• **Data excerpts**:
-*-

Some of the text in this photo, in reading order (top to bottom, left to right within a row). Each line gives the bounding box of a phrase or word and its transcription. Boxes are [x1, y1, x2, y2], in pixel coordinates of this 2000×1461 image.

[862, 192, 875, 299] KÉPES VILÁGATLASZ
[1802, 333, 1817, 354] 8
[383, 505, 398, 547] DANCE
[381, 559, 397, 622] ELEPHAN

-*-

• **What needs to be done**: Copy out the full listing, exactly as it stands.

• **Answer below**:
Some of the text in this photo, in reading order (top to bottom, left to right within a row). Each line gives the bounding box of a phrase or word and its transcription. Boxes are [x1, y1, x2, y2], in pixel coordinates of this 2000×1461 image.

[862, 192, 875, 299] KÉPES VILÁGATLASZ
[1802, 333, 1817, 354] 8
[383, 505, 398, 547] DANCE
[381, 559, 397, 622] ELEPHAN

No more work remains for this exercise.